Fast forward seven years to widespread recognition resulting from the WELL announcement, led by several articles in professional journals and an April 2024 story in the Miami Herald that presents the structure’s innovations in detail.

“What characterizes our work then and now is how you get things done in a community,” says Caplow. “Now we’re dealing with housing, zoning, and public works. Back then we were developing an education program on the waterfront downtown. We had to interact with the institutions around downtown. Nathalie is very good at that. We learned not to try to create new rules. We want to work within the existing codes and zoning. We want to work within the envelope but make the house better.”
Says Manzano, for the WELL house, “The zoning allowed us to build two townhouses, but in reality, we underbuilt the lot. We wanted to point out that this is the way we need to be thinking about the future if we want to continue to live here. We have to adapt to future realities. After Irma, we were thinking about how housing is unsustainable in Florida, how we’d been building in a way that doesn’t really make sense for the climate and the environment.”

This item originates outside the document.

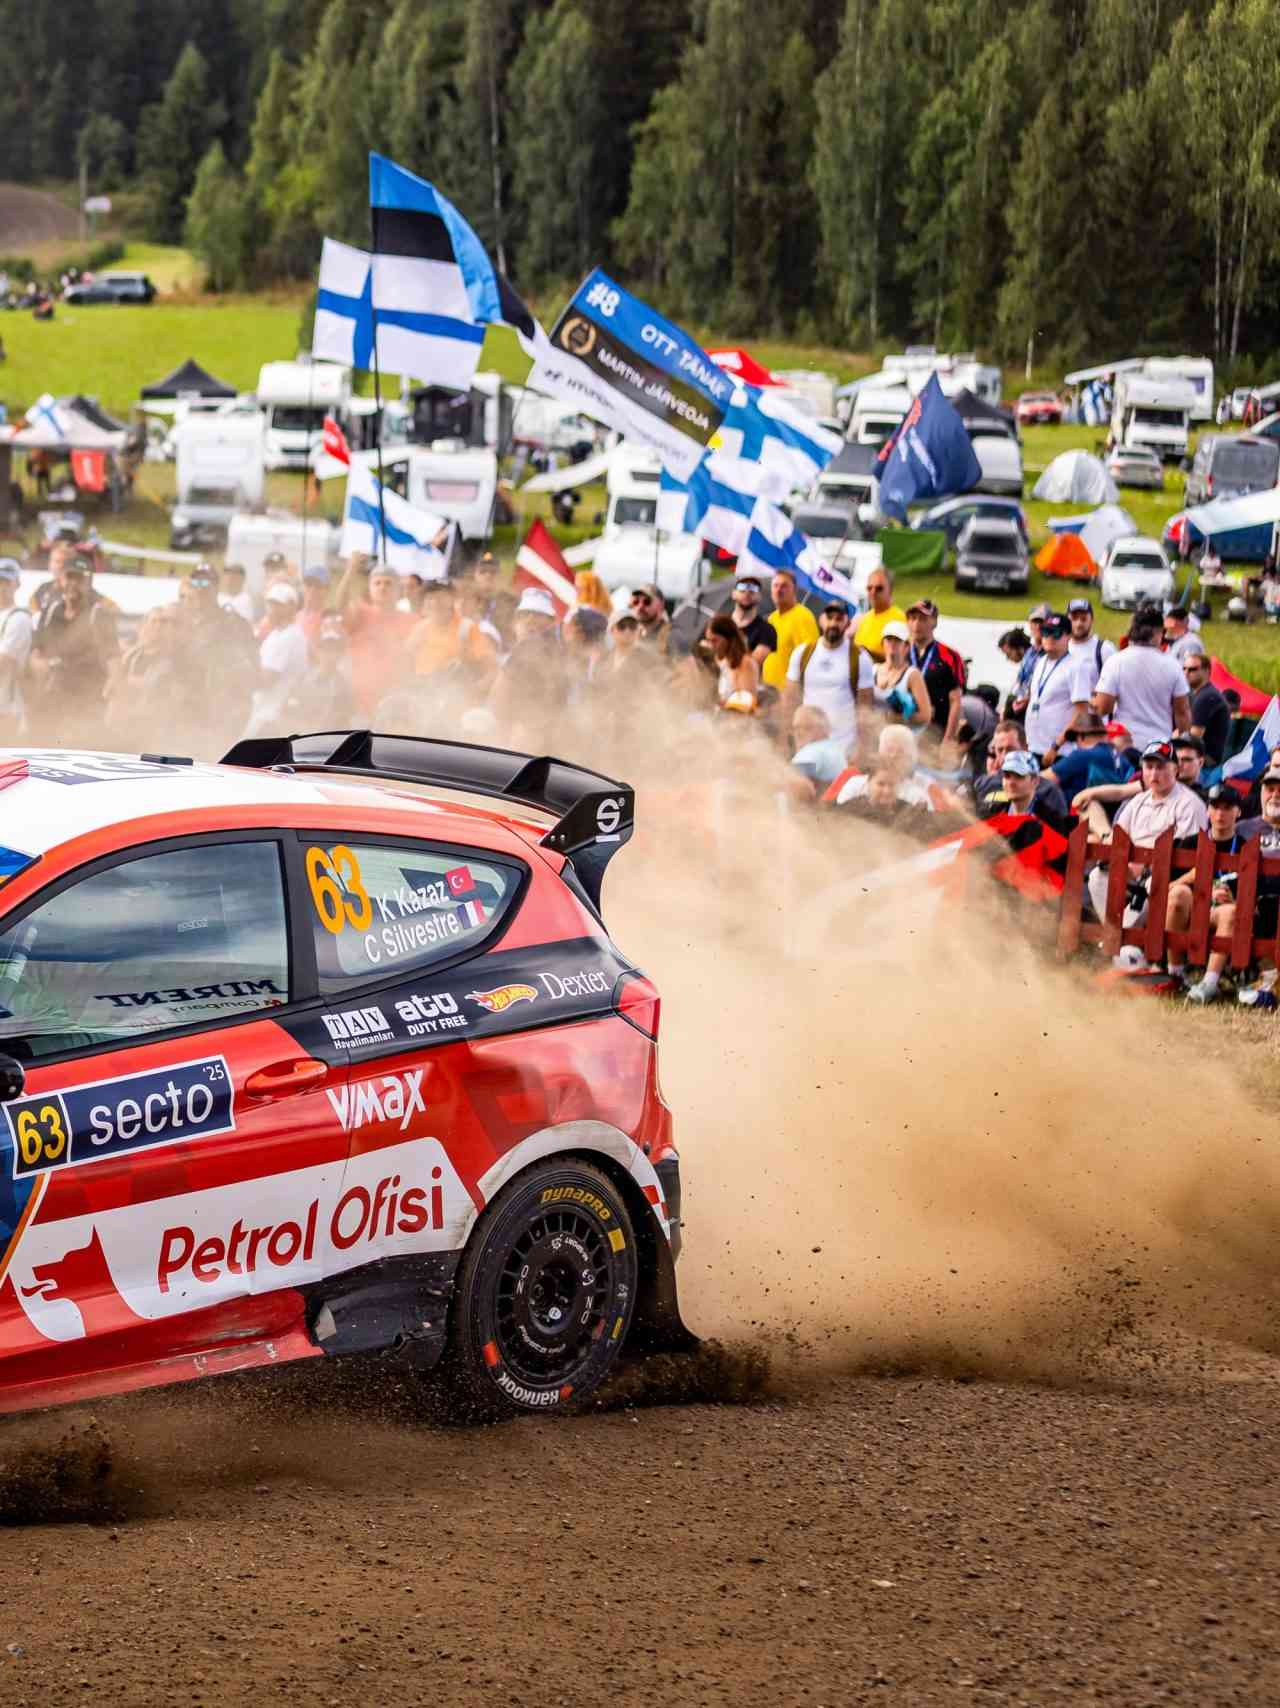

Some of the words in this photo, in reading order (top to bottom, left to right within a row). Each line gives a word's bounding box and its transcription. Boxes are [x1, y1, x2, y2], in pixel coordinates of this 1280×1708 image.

Caplow says he was shocked when he arrived in Florida to learn how far the state lagged others in solar energy. “We wanted to make sure we’d be getting more rooftop solar. We wanted to be ready for floods, to elevate buildings. All these general sustainability issues are important. How toxic is your house? How well insulated is it? How much electricity are you using? Those ideas were the bread and butter of our careers, and now we have public health as well.”
Living in Center Grove is an important asset. Both walk to work, and their children attend easily reachable Coconut Grove schools.
Their goal? Nothing less than changing the way housing is built in the tropics.
“We’re building the future of Miami as we see it,” says Caplow. “We’re thinking long-term. This is a city that’s so new that people don’t really think long-term. Now we have a few houses around Miami that are 100 years old. Not many, but a few. If they could build a house then that would last 100 years, we should still be able to do that. Will you have to replace the plumbing? Maybe, maybe not. But if you’re going to replace it, you have to be able to get to it. “If we can make a house twice as sustainable as a conventional house, the house is going to have a much lower environmental impact. If you’re going to make a house that will last 100 years, you’re going to live in it. And then maybe your children and their children will live in it, maybe somebody else’s children. That’s why this house [in Silver Bluff] got so much attention.”